Text-to-region grounding data
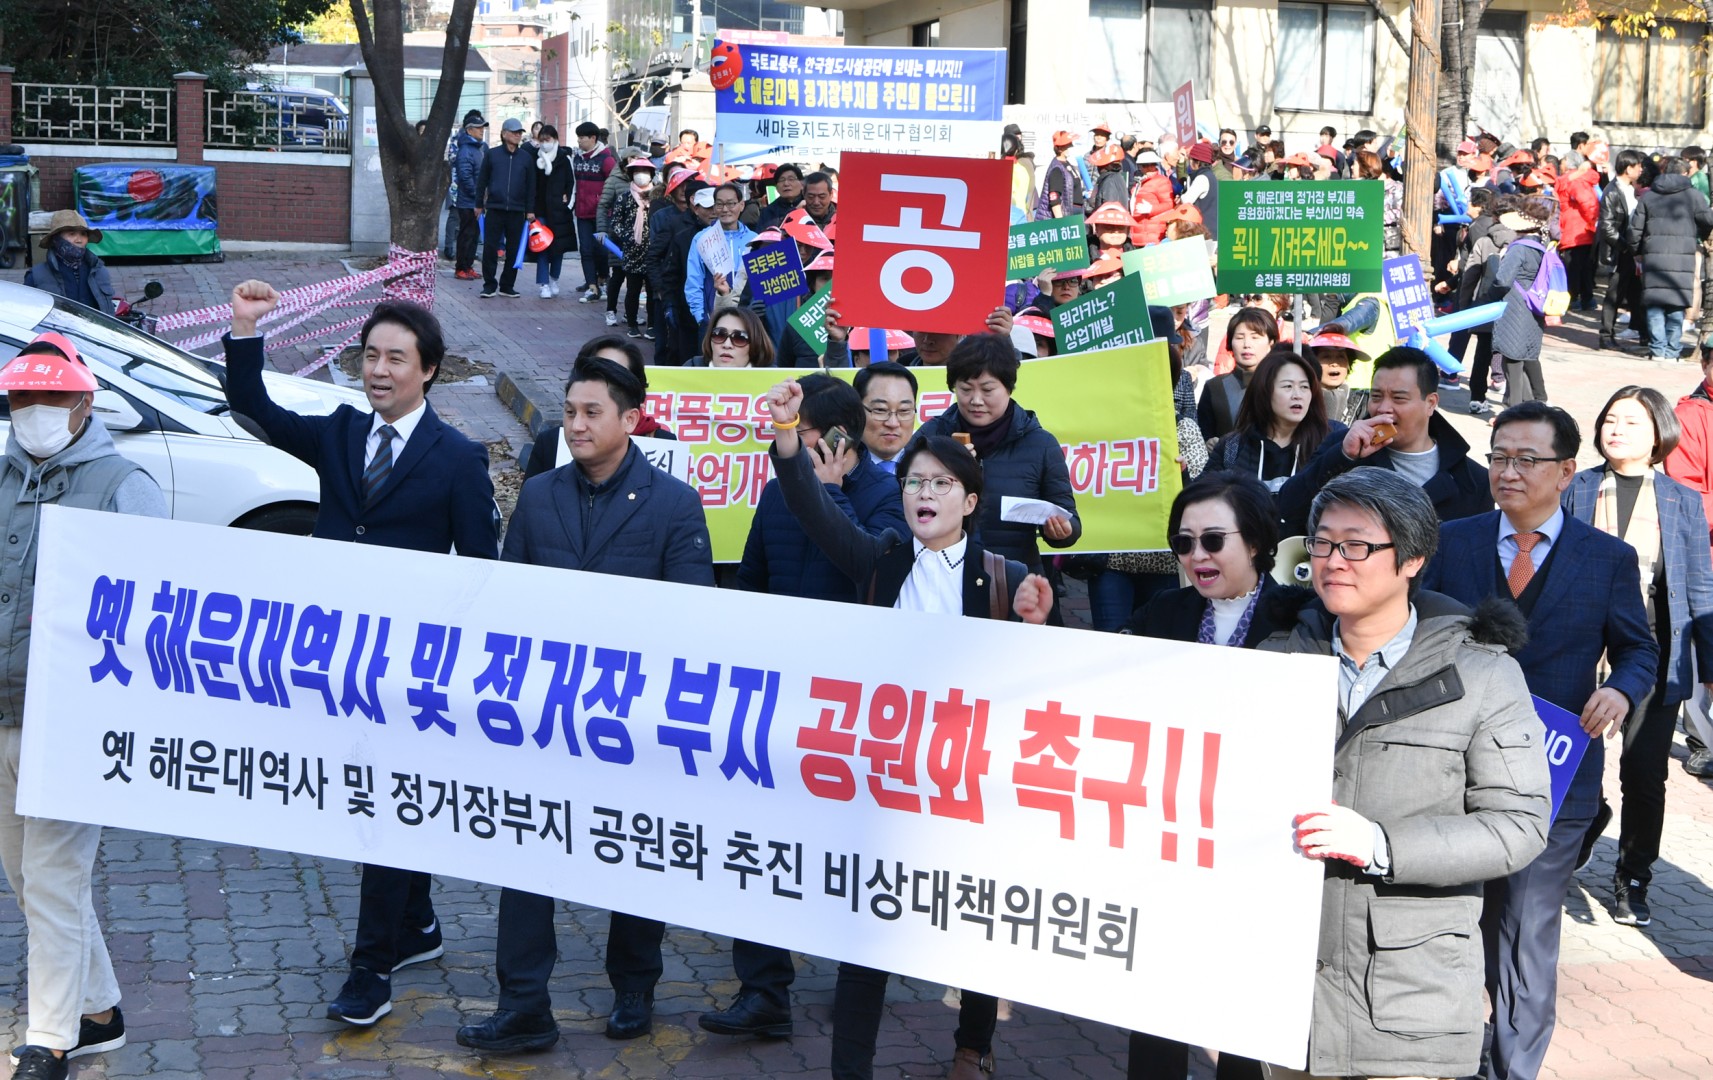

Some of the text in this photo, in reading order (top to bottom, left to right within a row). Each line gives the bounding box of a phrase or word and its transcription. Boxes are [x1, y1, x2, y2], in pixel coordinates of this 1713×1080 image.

[750, 52, 963, 79] 국토교통부, 한국철도시설공단에 보내는 메시지!!
[733, 77, 976, 113] 옛 해운대역 정거장부지를 주민의 품으로!!
[755, 118, 952, 143] 새마을지도자해운대구협의회
[1177, 90, 1194, 144] 원
[1238, 206, 1365, 220] 공원화하겠다는 부산시의 약속
[1244, 190, 1355, 205] 옛 해운대역 정거장 부지를
[863, 173, 981, 311] 공
[1029, 229, 1059, 246] 숨쉬게
[1061, 225, 1081, 241] 하고
[1232, 227, 1259, 267] 꼭!!
[748, 250, 787, 274] 국토부는
[1010, 246, 1083, 270] 사람을 숨쉬게 하자
[760, 269, 801, 296] 각성하라
[1255, 273, 1351, 287] 송정동 주민자치위원회
[1059, 291, 1115, 328] 뭐라카노?
[1065, 315, 1114, 350] 상업개발
[1063, 440, 1157, 494] 하라!
[86, 575, 1221, 869] 옛 해운대역사 및 정거장 부지 공원화 촉구!!
[103, 731, 1139, 971] 옛 해운대역사 및 정거장부지 공원화 추진 비상대책위원회

■ **Exercise instructions**
Repeat the records above word for word, keeping no pictures in the copy.

■ **Answer to this problem**
Some of the text in this photo, in reading order (top to bottom, left to right within a row). Each line gives the bounding box of a phrase or word and its transcription. Boxes are [x1, y1, x2, y2], in pixel coordinates of this 1713×1080 image.

[750, 52, 963, 79] 국토교통부, 한국철도시설공단에 보내는 메시지!!
[733, 77, 976, 113] 옛 해운대역 정거장부지를 주민의 품으로!!
[755, 118, 952, 143] 새마을지도자해운대구협의회
[1177, 90, 1194, 144] 원
[1238, 206, 1365, 220] 공원화하겠다는 부산시의 약속
[1244, 190, 1355, 205] 옛 해운대역 정거장 부지를
[863, 173, 981, 311] 공
[1029, 229, 1059, 246] 숨쉬게
[1061, 225, 1081, 241] 하고
[1232, 227, 1259, 267] 꼭!!
[748, 250, 787, 274] 국토부는
[1010, 246, 1083, 270] 사람을 숨쉬게 하자
[760, 269, 801, 296] 각성하라
[1255, 273, 1351, 287] 송정동 주민자치위원회
[1059, 291, 1115, 328] 뭐라카노?
[1065, 315, 1114, 350] 상업개발
[1063, 440, 1157, 494] 하라!
[86, 575, 1221, 869] 옛 해운대역사 및 정거장 부지 공원화 촉구!!
[103, 731, 1139, 971] 옛 해운대역사 및 정거장부지 공원화 추진 비상대책위원회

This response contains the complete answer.